§ Exercise directions
Return the data below exactly, please, but drop the pictures.

Spatial localization data
^^^^

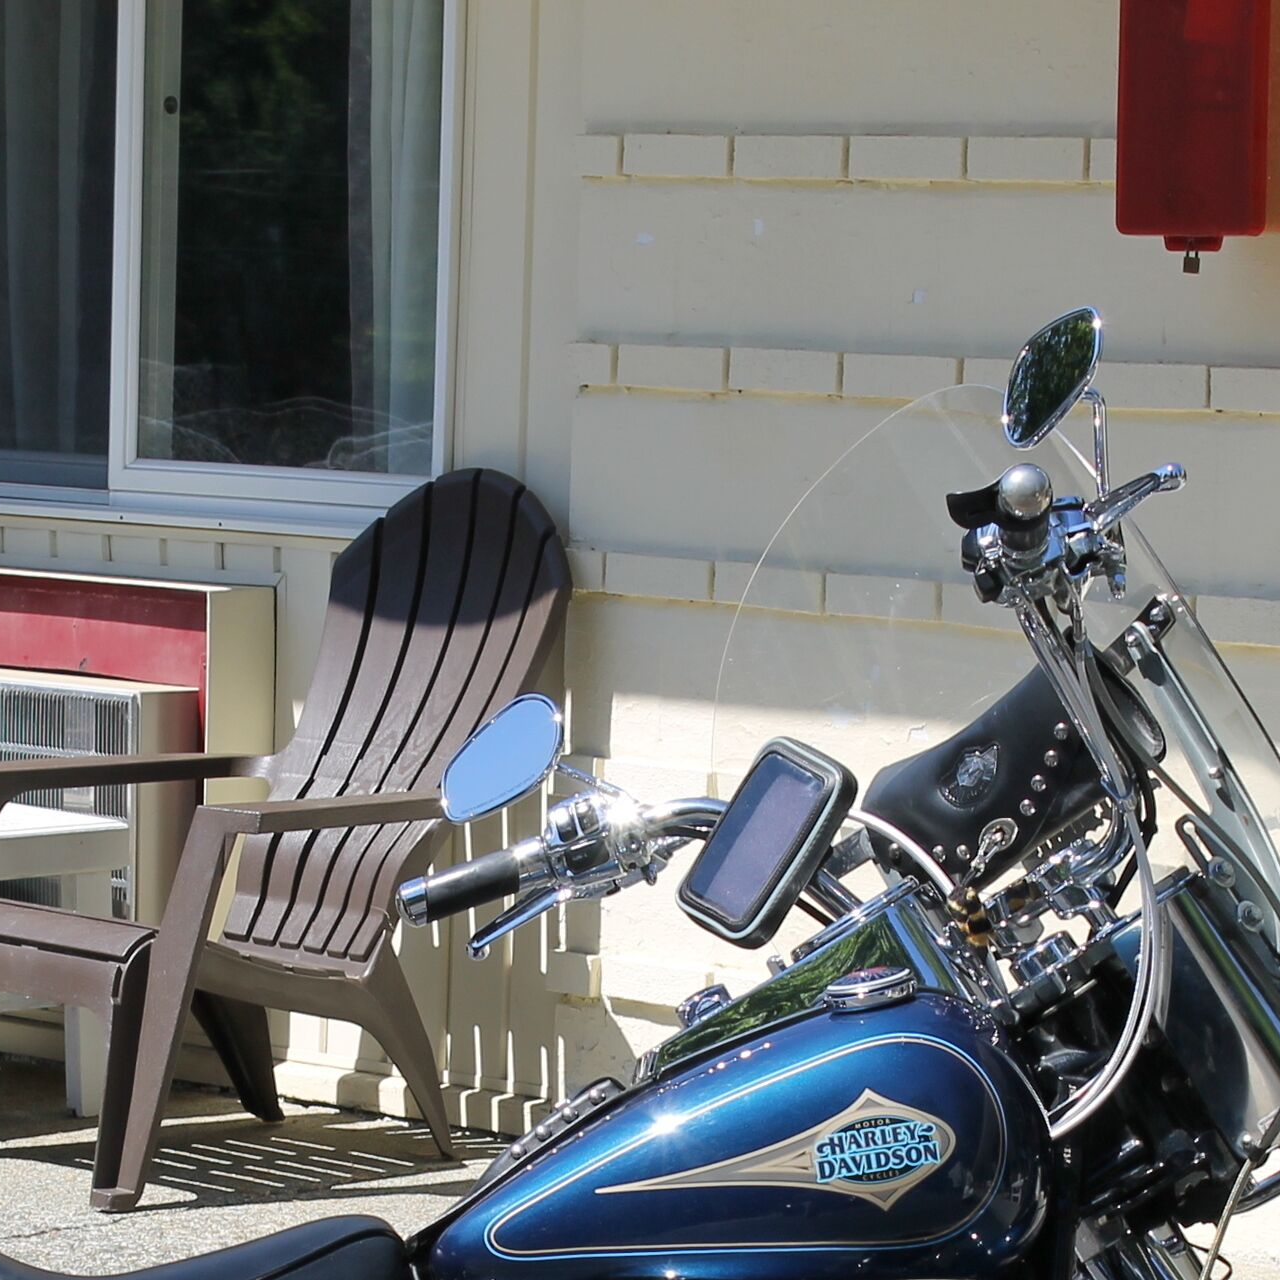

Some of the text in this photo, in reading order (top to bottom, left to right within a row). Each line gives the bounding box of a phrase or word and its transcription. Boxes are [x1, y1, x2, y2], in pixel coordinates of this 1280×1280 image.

[854, 1118, 891, 1129] MOTOR
[816, 1120, 937, 1159] HARLEY
[816, 1142, 942, 1184] DAVIDSON
[862, 1170, 900, 1182] CYCLES
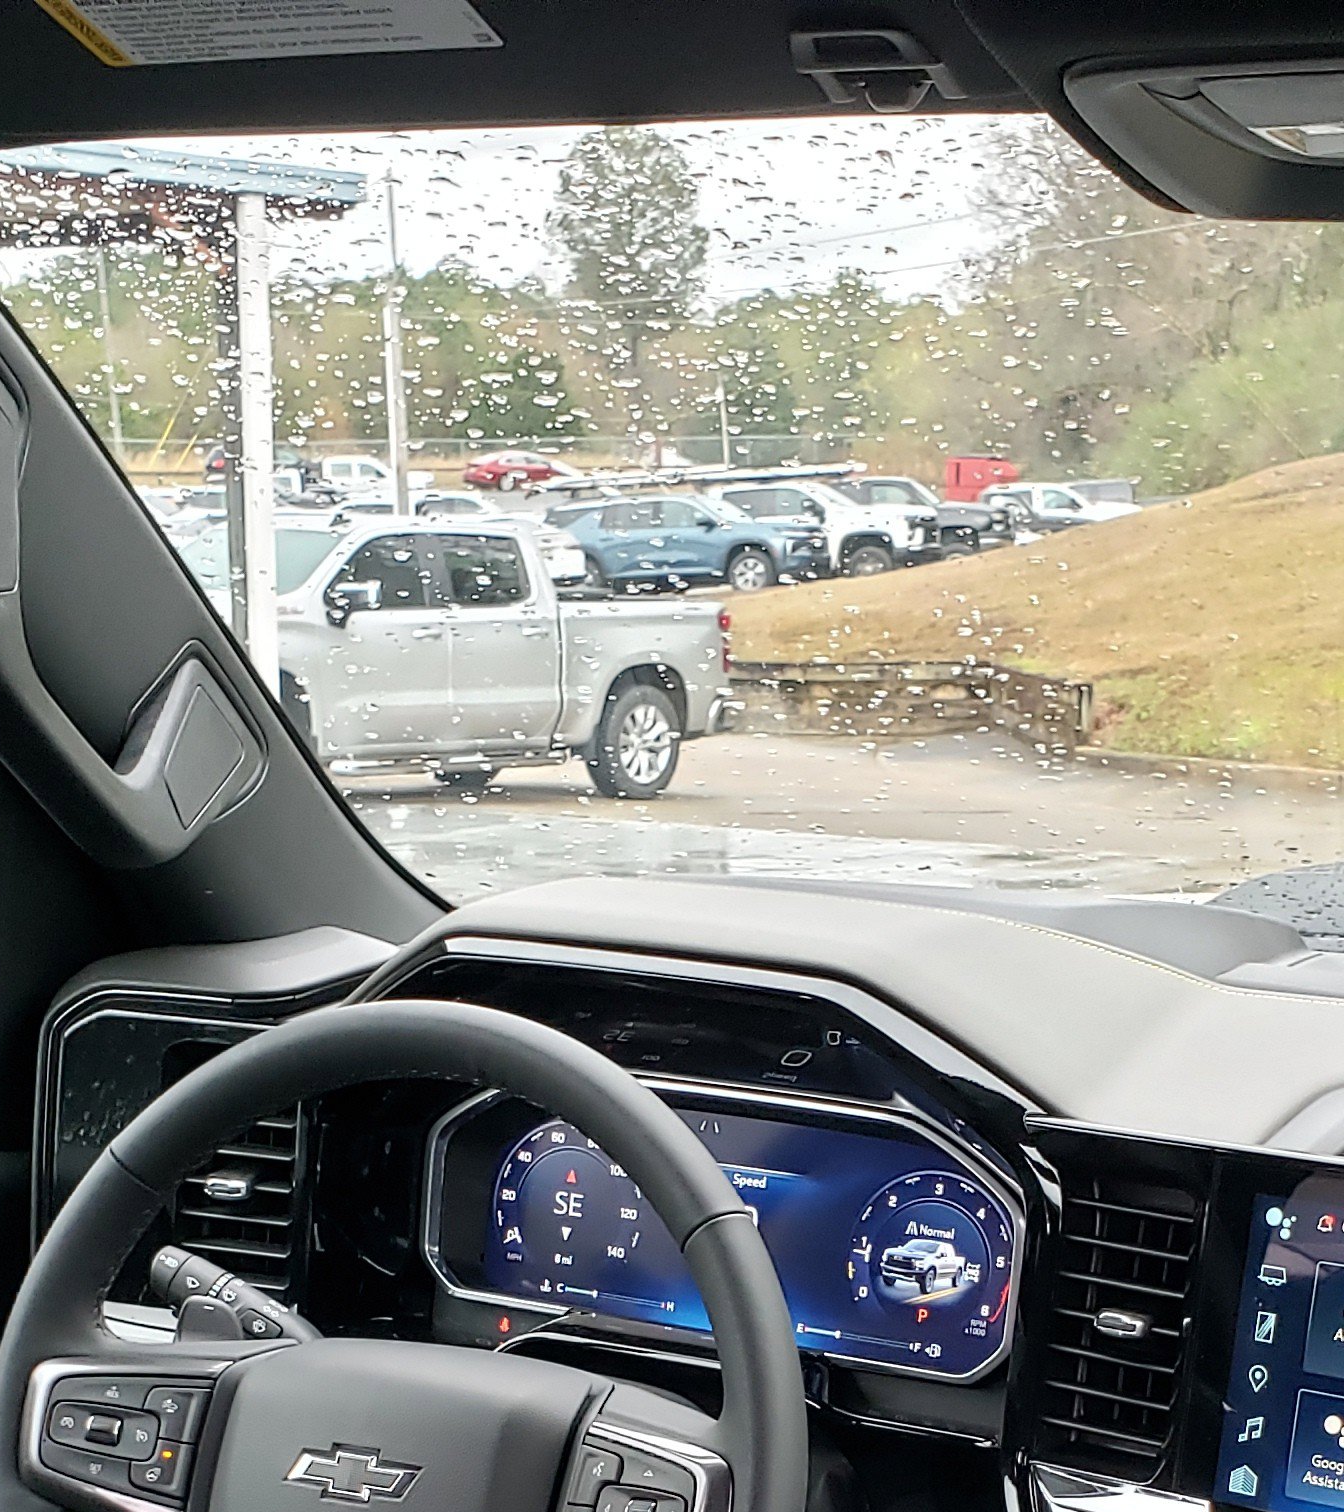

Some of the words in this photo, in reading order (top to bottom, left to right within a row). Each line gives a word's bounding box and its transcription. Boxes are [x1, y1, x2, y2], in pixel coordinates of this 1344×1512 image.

[551, 1132, 565, 1143] 60
[517, 1151, 532, 1163] 40
[732, 1173, 767, 1189] Speed
[502, 1189, 516, 1200] 20
[934, 1184, 945, 1195] 3
[553, 1191, 584, 1218] SE
[888, 1196, 898, 1208] 2
[620, 1207, 638, 1220] 120
[976, 1208, 986, 1220] 4
[919, 1224, 955, 1240] Normal
[861, 1236, 868, 1247] 1
[607, 1245, 625, 1259] 140
[996, 1256, 1005, 1268] 5
[556, 1282, 565, 1293] C
[858, 1286, 868, 1298] 0
[666, 1301, 675, 1312] H
[918, 1309, 928, 1323] P
[796, 1322, 805, 1333] E
[970, 1319, 987, 1328] RPM
[913, 1342, 922, 1352] F
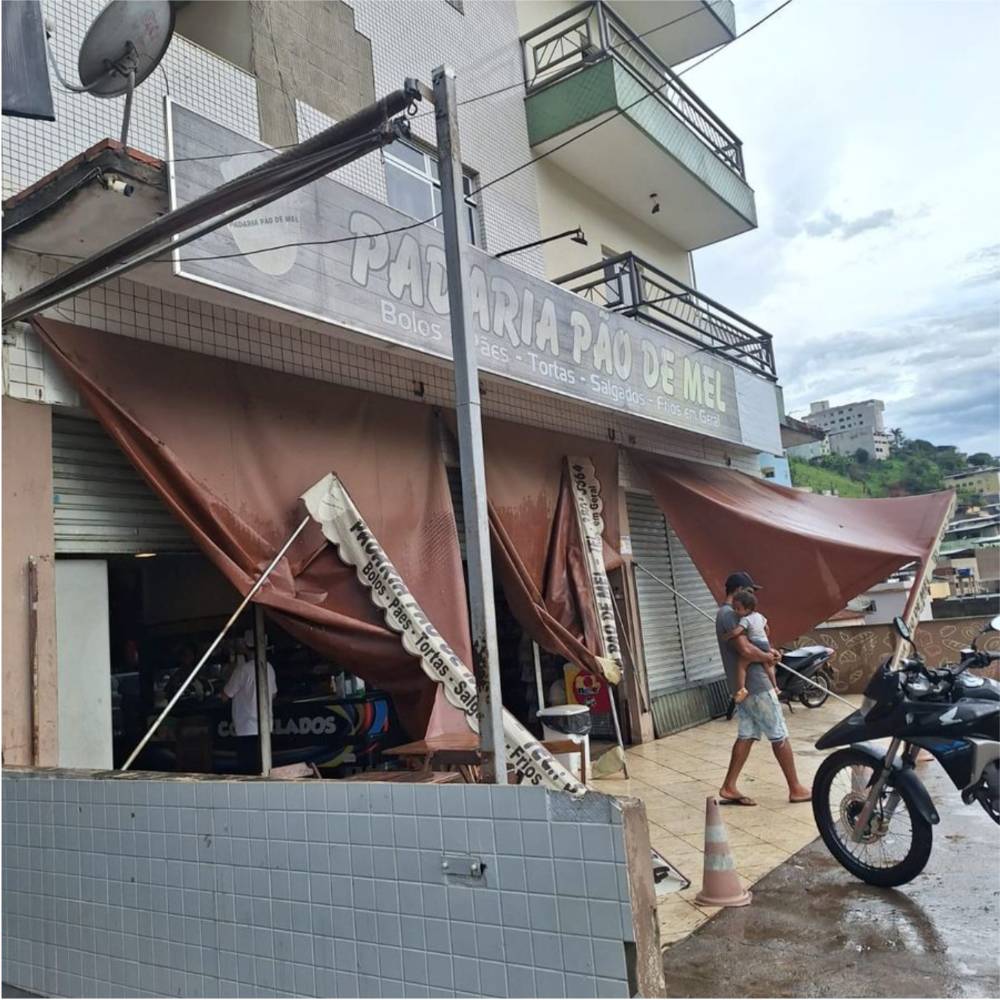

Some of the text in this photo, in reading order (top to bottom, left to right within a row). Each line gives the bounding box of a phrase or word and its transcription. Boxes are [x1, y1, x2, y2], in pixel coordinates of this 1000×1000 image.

^^^^

§ Finished exercise
Some of the text in this photo, in reading order (top to bottom, left to right within a row). Each line gives the bounding box of a phrase or word and its transcription. Boxes are [x1, y1, x2, y2], in pixel coordinates of this 1280×1280 image.

[854, 1118, 891, 1129] MOTOR
[816, 1120, 937, 1159] HARLEY
[816, 1142, 942, 1184] DAVIDSON
[862, 1170, 900, 1182] CYCLES

Some of the words in this photo, in reading order (top to bottom, left to right within a row). Each line gives a word's bounding box and its transcription. Boxes are [x1, y1, x2, y2], in pixel coordinates of this 1344×1512 image.

[551, 1132, 565, 1143] 60
[517, 1151, 532, 1163] 40
[732, 1173, 767, 1189] Speed
[502, 1189, 516, 1200] 20
[934, 1184, 945, 1195] 3
[553, 1191, 584, 1218] SE
[888, 1196, 898, 1208] 2
[620, 1207, 638, 1220] 120
[976, 1208, 986, 1220] 4
[919, 1224, 955, 1240] Normal
[861, 1236, 868, 1247] 1
[607, 1245, 625, 1259] 140
[996, 1256, 1005, 1268] 5
[556, 1282, 565, 1293] C
[858, 1286, 868, 1298] 0
[666, 1301, 675, 1312] H
[918, 1309, 928, 1323] P
[796, 1322, 805, 1333] E
[970, 1319, 987, 1328] RPM
[913, 1342, 922, 1352] F

Some of the text in this photo, in reading order (top to bottom, left to right within a row). Each line gives the bounding box of a phrase or word and its transcription. Boxes are [x1, y1, x2, y2], in pixel coordinates of this 1000×1000 image.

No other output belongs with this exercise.